Pryzbowski, 245 F.3d at 274-75.
It should be noted that Pegram II tied various of its conclusions to the observation that the plaintiff had not alleged physical injury in the pertinent count of her complaint. Although this factor creates a substantial distinction between the claim under consideration in Pegram and that at issue here, I do not believe that the Court’s concerns regarding allowance of the managed care form of business are completely inapposite when considering state law duties. Significantly, the particular framing of the count at issue in Pegram would appear to have been a consequence of the plaintiff's attempt to slate a damages claim under ERISA (notably the plaintiff’s overall complaint included allegations of concrete physical injury, including peritonitis). But just as a state law negligence claim can be recast in the form of a claim under ERISA, so tlie form of claim that the Supreme Court rejected as a matter of ERISA fiduciary analysis can effectively be restyled as a state law claim, and it is not a difficult matter to include an allegation of proximate harm in a forum with general jurisdiction to redress such injury. Indeed, several circuit courts of appeals have viewed various efforts to craft state law causes of action in just such a manner. See, e.g., Jass, 88 F.3d at 1489; Schusteric, 2000 WL 1263581.
. I recognize that various managed care strategies such as preventative care are designed to decrease costs by providing timely interventions which may obviate the need for more expensive treatment in the long term. Obviously, it would be ideal if such strategies sufficiently reduced the cost of health care to maintain profitability without other forms of more direct rationing. The Supreme Court’s opinion seemed to accept, however, that, at least in the short term, broader forms of rationing are necessary to the managed care concept.
. In contrast, when the doctrine of complete preemption is asserted pursuant to Section 502 of ERISA in order to invoke federal jurisdiction, the plaintiff's well-pleaded complaint controls, since the analysis entails a comparison between a specific, federal cause of action and one asserted under state law. See generally Bauman, 193 F.3d at 160. A claim of conflict preemption under Section 514, however, asserted as a defense in a state court, questions whether a state law relates to ERISA, see id. Therefore, it is critically important in the Section 514 context that the pertinent state law obligation at issue be reasonably identified.
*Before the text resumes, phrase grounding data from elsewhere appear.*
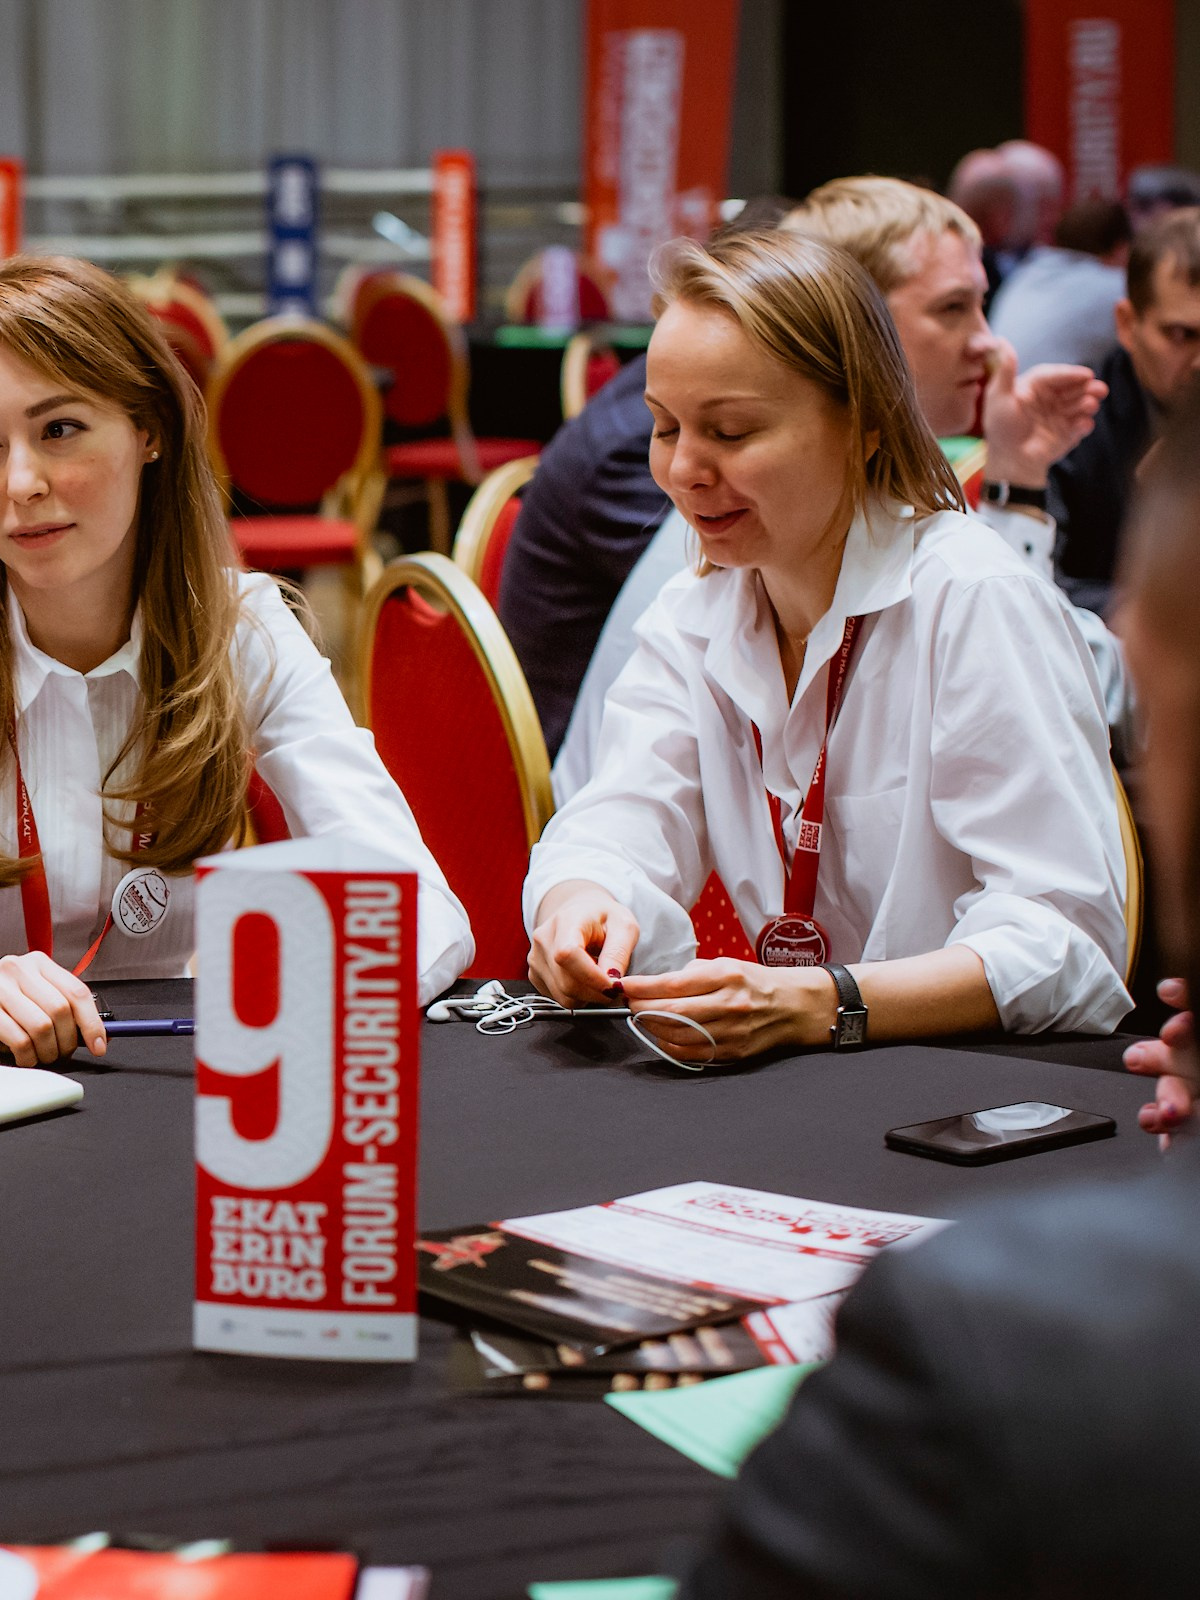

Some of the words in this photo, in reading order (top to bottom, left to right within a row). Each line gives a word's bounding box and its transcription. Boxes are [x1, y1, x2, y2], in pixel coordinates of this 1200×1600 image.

[194, 868, 337, 1191] 9
[341, 880, 402, 1307] FORUM-SECURITY.RU
[211, 1196, 327, 1235] EKAT
[211, 1230, 326, 1269] ERIN
[211, 1263, 326, 1303] BURG
. The conclusions that physicians (or at least those not operating under a capitated arrangement) would not generally make decisions committing to payment responsibility finds at least colloquial support in the deposition testimony of the emergency-room physician who treated Mr. Pappas, who stated as follows:
A: My role as an emergency room physician is during an emergency to provide the best care, and I did not pay attention and did not concern myself with what would limit that care.
I was trying to provide the best care for this patient. So did I, in an emergency situation, wonder whether the insurance was one over another? No.
Q: Well, was it your understanding that whether or not a patient has coverage doesn't affect whether or not a patient is treated, it just affects who pays for it after treatment is rendered?
A. From my point of view, the medicine comes first and the paperwork will be figured out later.
. One commentator argues this point as follows:
*428 [T]here is powerful reason to recognize that a denial of funding does not ipso facto mean denial of care, nor is it necessarily the practice of medicine....
"[A]n adverse determination by a health insuring corporation means that the health insuring corporation will not pay for, reimburse, provide, deliver, arrange for, or otherwise make available the service in question.... It does not mean that the physician is precluded from providing the service or that the patient is precluded from obtaining the service from another source or through other means.... A physician or other provider retains authority to provide whatever services are deemed appropriate for the patient, even if the services are not included under the plan of the health insuring corporation.”
Morreim, Managed Care Financial Structures, 35 Tort & Ins.L.J. at 709 (citation omitted). These comments, of course, must be read in light of constraints which may be imposed by legislative enactments and agency regulations establishing a floor for the HMO’s duties, by the health care infrastructure, and by individual financial resources. The point here is only that the conclusion that full payment is always required solely upon proof of appropriateness should not be treated by courts as a foregone one.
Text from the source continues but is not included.